The convalescent plasma study is not a blind study, and last month researchers announced that a couple patients who had received the plasma were recovering. But as yet, those happy results are only anecdotal -- researchers are not yet ready to say if convalescent plasma is truly helpful in the treatment of COVID-19.

"With all these studies, you can't draw firm conclusions with such a small sample size and one physician's experience with a patient," said Kim. "That's the problem, and that's what's so hard about being able to treat patients and navigate through this pandemic -- we don't have this type of data yet. For other infections, like influenza, we have different treatments and vaccines. Influenza has definitely been studied well, so we can be confident about the effectiveness of what we are doing. It's just unfortunate that it's just not like that for COVID-19."

Another treatment doctors at St. Francis are using is Remdesevir. Because it has already been studied and has shown enough promise that the FDA gave it emergency-use approval, hospitals don't have to enroll in a clinical trial to get the drug.

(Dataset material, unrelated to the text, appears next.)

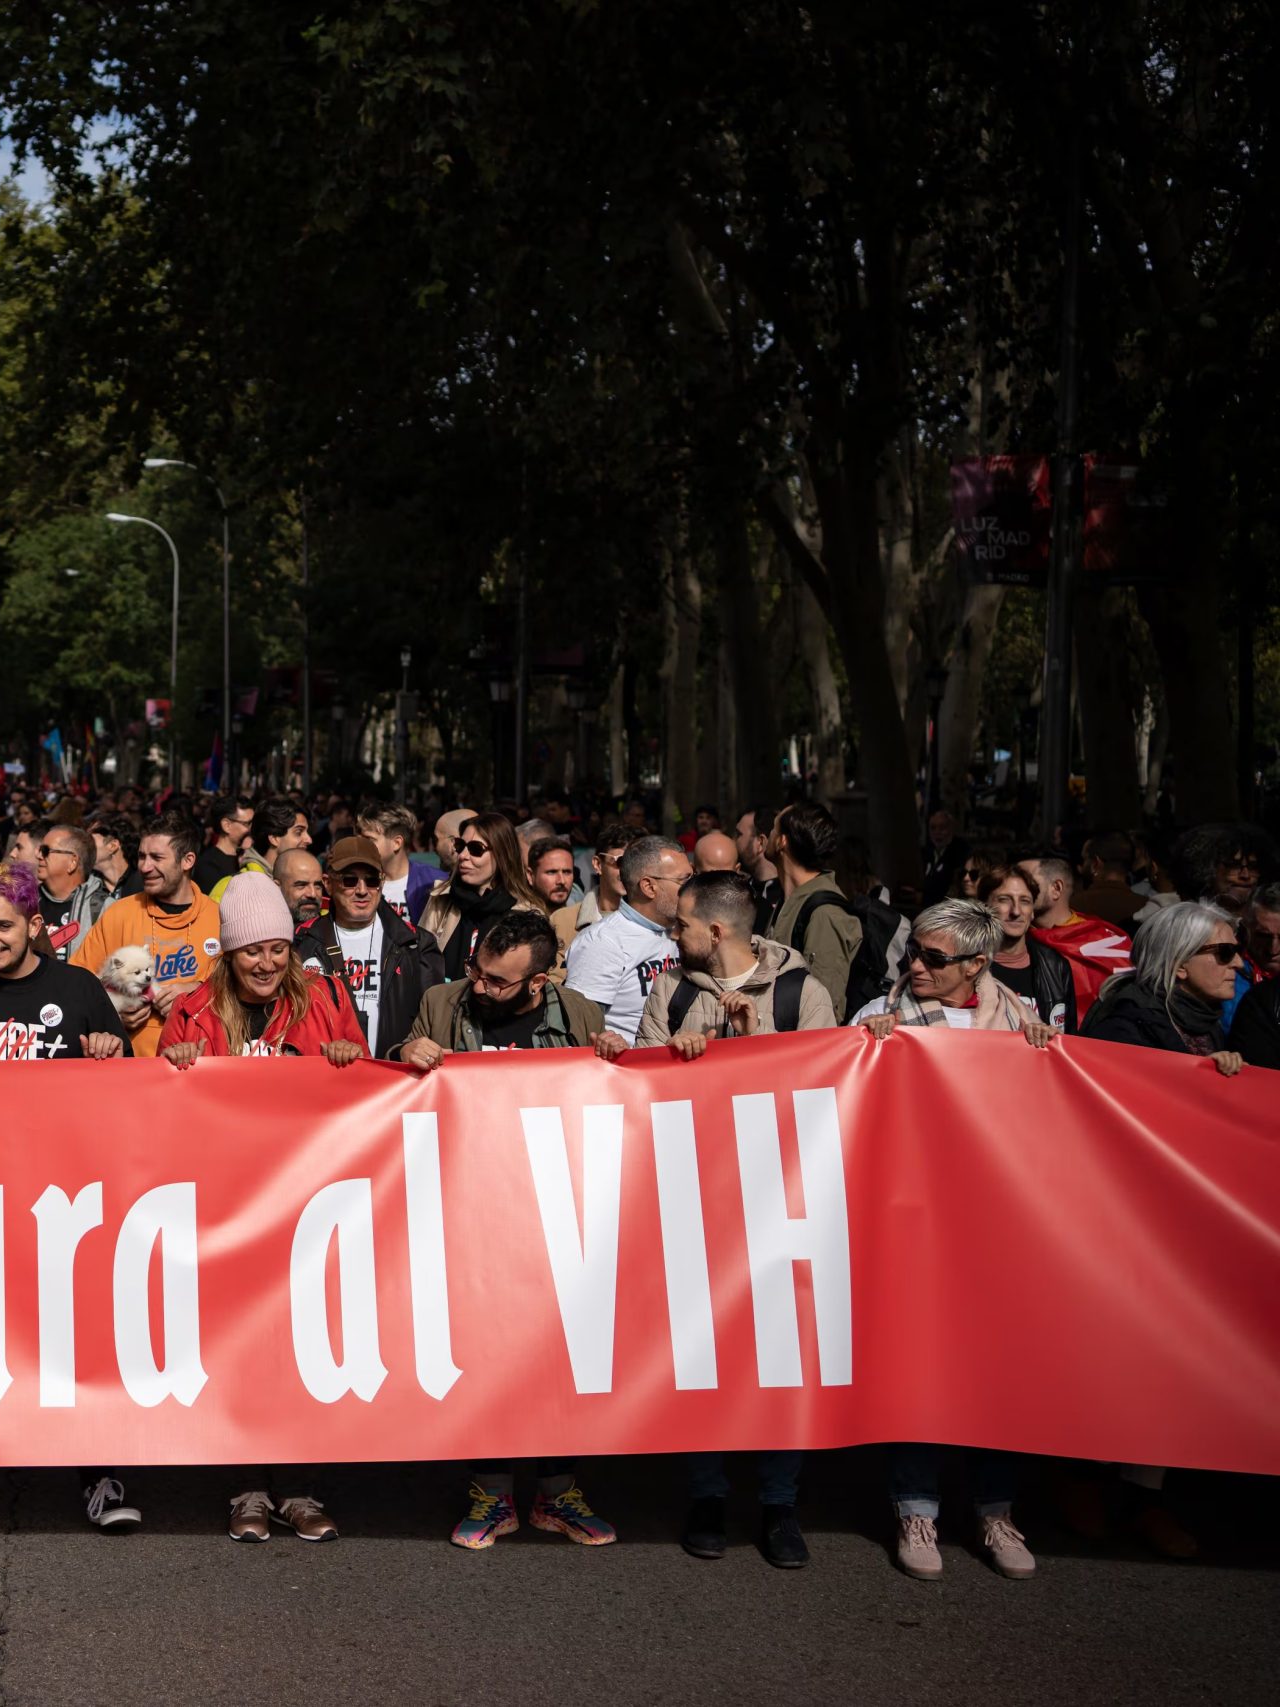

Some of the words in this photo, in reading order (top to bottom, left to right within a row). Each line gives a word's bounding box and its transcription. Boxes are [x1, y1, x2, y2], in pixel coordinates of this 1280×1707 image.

"We've used it in Peoria on three patients so far," said infectious disease specialist Dr. Douglas Kasper, a faculty member at the University of Illinois College of Medicine Peoria. "Remdesevir can be used as an antiviral agent, with the idea that you are arresting viral replication as early as possible."

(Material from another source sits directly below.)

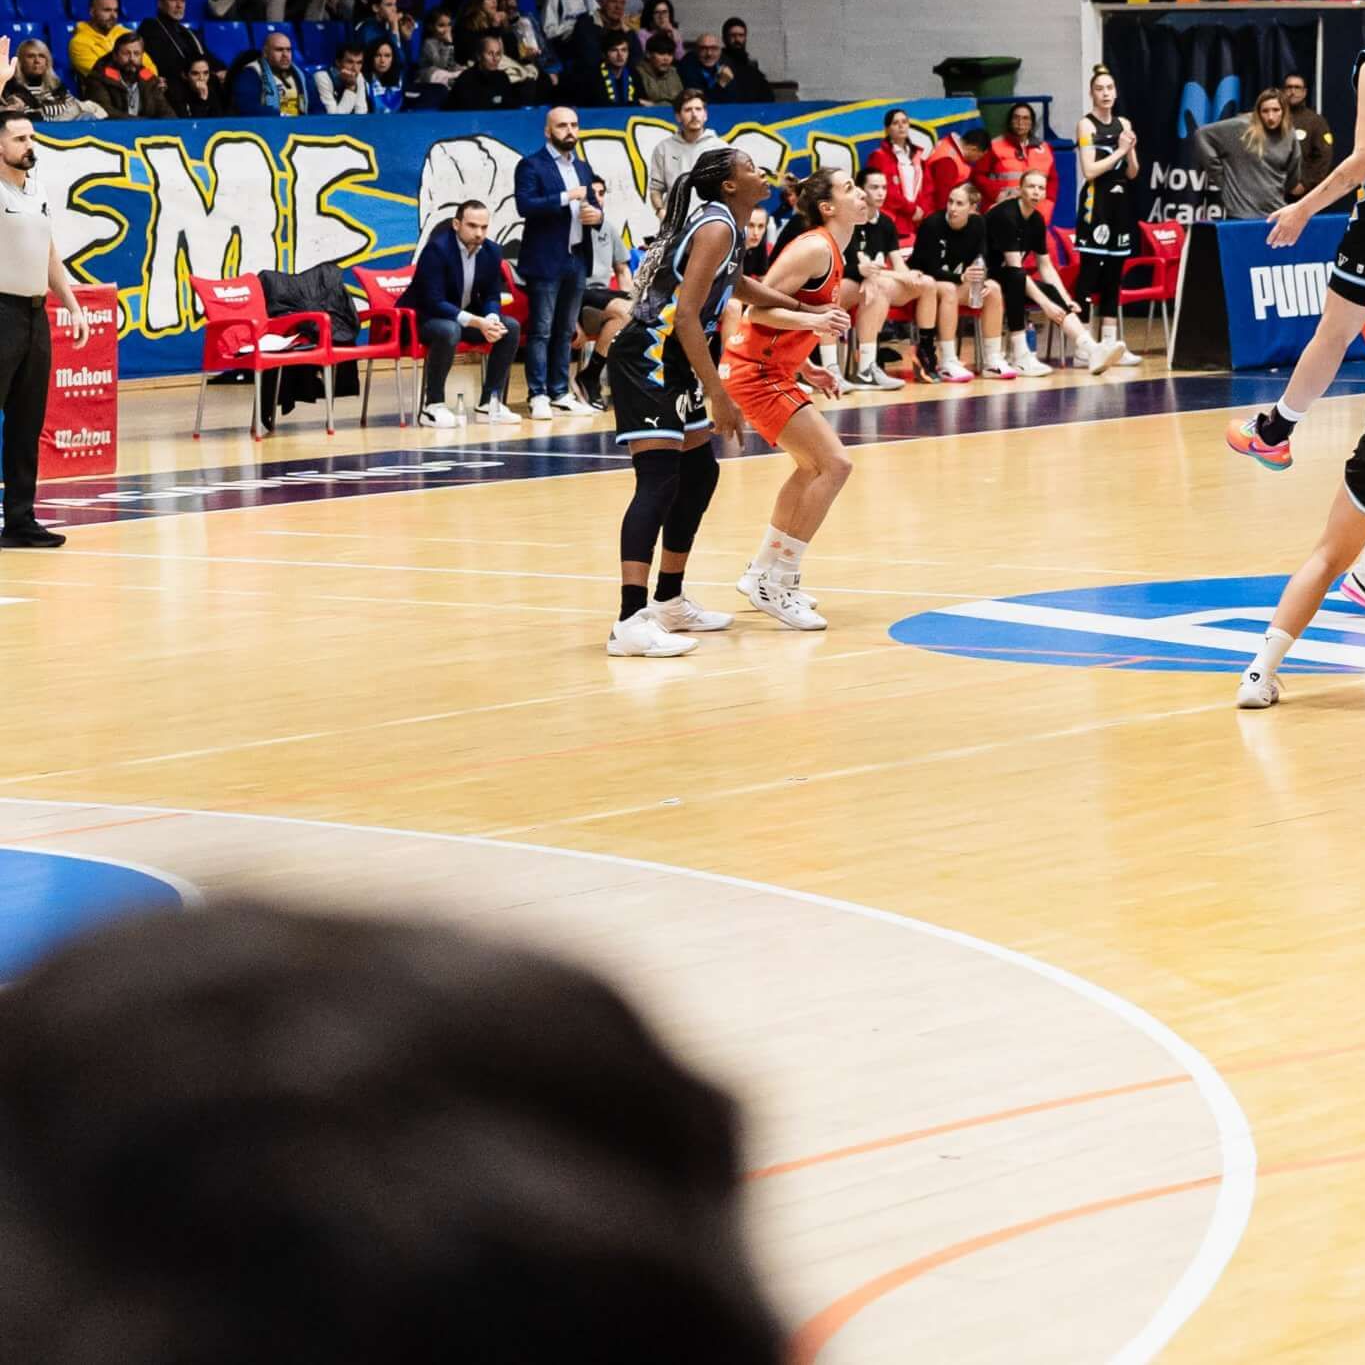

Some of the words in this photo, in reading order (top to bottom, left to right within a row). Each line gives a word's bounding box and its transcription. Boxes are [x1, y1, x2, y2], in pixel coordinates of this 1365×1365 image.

[56, 305, 113, 327] Mhou
[55, 367, 113, 388] Mahou
[54, 427, 111, 450] Mahou

Though it has shown some promise in one study, doctors are still evaluating its worth as a treatment, said Kasper. Another issue with Remdesevir is that it is in very short supply. Area hospitals have only been given enough to treat a few patients.

All research is contingent on need, and no one knows what the need will be for COVID-19 treatments going forward.

"To do a clinical trial, you have to have sick people, otherwise you don't have anyone to enroll in the trial," said Kasper. "As the summer goes, and if our rates continue to go down, we won't make progress because we won't have anyone to enroll. That is kind of what happened with the first SARS virus. It was circulating mostly in Asia, causing terrible effects, and there was a huge response into the development of therapeutics and a vaccine. Towards the end of that outbreak, the virus mutated and became weaker, and clinical effects on people were less -- people didn't go to hospital and didn't die, then drive from industry became less. Could that happen with COVID-19? It could, but it's not something you could bet on. We don't know. That's the part of this that is so interesting -- each day, every week, it changes so much. To be able to match all this up and plan is quite a process."